Mull is the product of the mixing activity of burrowing soil animals (such as earthworms, ants, termites, moles, pocket gophers) which create nests and galleries within the upper part of the soil profile and excavate earth at the soil surface.[4] These disturbances mix organic matter with mineral particles, aerate soil, create and modify ecological niches of all other soil organisms, from microbes to plant roots and passing invertebrates. Some mull-forming animal groups (such as earthworms, millipedes, termites, crane fly larvae) ingest soil and mix it with mucus in their guts or mix it with their saliva to create nests and tunnels (termites). All these disturbances, whether mechanical or biochemical, stimulate microbial activity, hence faster nutrient cycles and uptake by plants. Thus mull is associated with more fertile and productive of ecosystems, with a positive aboveground-belowground feedback process: more nutrients for plants, better plant growth, more nutrients in plant remains, better quality of soil organic matter, better growth and reproduction of soil animals and microbes, less immobilization of nutrients in microbial biomass, and so on.[5]

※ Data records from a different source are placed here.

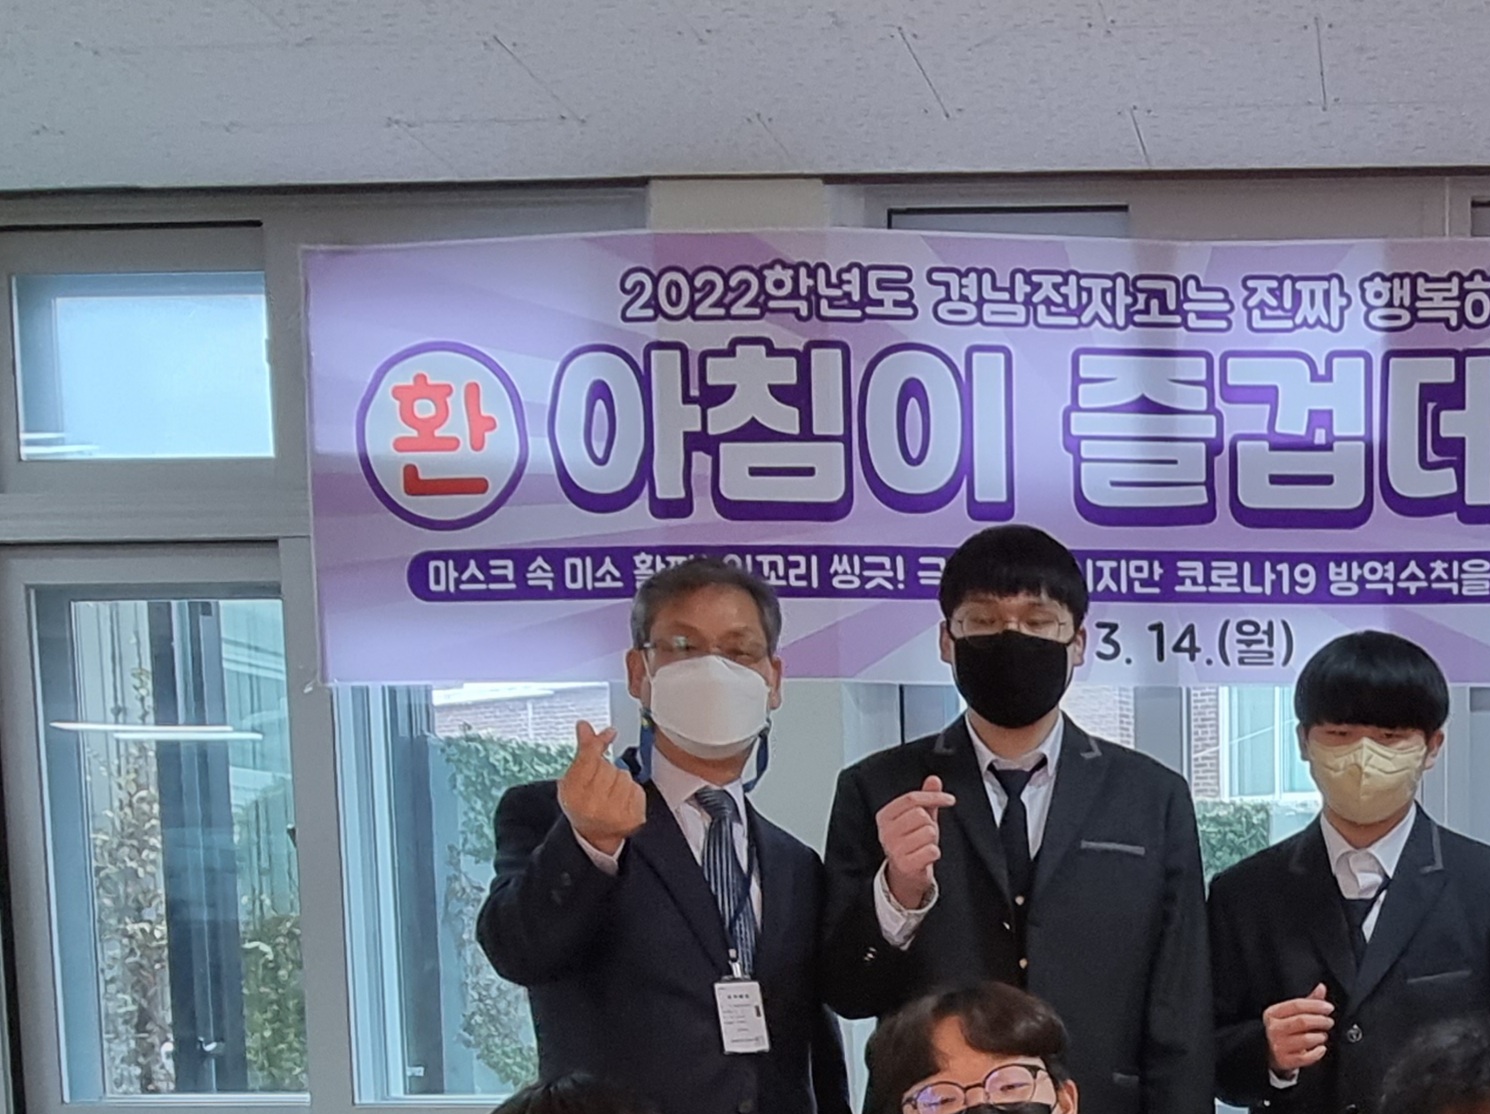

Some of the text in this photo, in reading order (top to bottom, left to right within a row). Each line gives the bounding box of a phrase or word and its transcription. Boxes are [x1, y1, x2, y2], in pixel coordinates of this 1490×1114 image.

[619, 259, 918, 323] 2022학년도
[927, 267, 1233, 330] 경남전자고는
[1242, 272, 1350, 332] 진짜
[391, 371, 497, 497] 환
[549, 338, 1014, 520] 아침이
[427, 558, 517, 593] 마스크
[525, 556, 555, 591] 속
[564, 555, 625, 591] 미소
[829, 554, 905, 591] 씽긋!
[1086, 558, 1163, 594] 지만
[1174, 559, 1317, 596] 코로나19
[1094, 618, 1295, 668] 3. 14.(월)

Moder is a forest floor type formed under mixed-wood and pure deciduous forests.[6][7] Moder is a kind of humus whose properties are the transition between mor humus and mull humus types.[8][9] Moders are similar to mors as they are made up of partially to fully humified organic components accumulated on the mineral soil. Compared to mulls, moders are zoologically active.[10] In addition, moders present as in the middle of mors and mulls with a higher decomposition capacity than mull but lower than mor.[7] Moders are characterized by a slow rate of litter decomposition by litter-dwelling organisms and fungi, leading to the accumulation of organic residues. Moder humus forms share the features of the mull and mor humus forms.[7]

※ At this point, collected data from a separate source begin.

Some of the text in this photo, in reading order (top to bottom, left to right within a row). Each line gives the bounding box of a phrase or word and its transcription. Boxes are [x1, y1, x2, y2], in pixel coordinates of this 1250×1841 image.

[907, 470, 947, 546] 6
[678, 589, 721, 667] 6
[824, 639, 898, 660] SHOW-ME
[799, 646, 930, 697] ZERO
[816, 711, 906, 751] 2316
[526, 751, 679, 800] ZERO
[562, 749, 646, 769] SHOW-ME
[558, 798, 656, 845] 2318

Mor humus is a form of forest floor humus occurring mostly in coniferous forests.[11] Mor humus consists of evergreen needles and woody debris that litter the forest floor. This litter is slow to decompose, in part due to their chemical composition (low pH, low nutrient content), but also because of the generally cool and wet conditions where mor humus is found. This results in low bacterial activity and an absence of earthworms and other soil fauna. Because of this, most of the organic matter decomposition in mor humus is carried out by fungi.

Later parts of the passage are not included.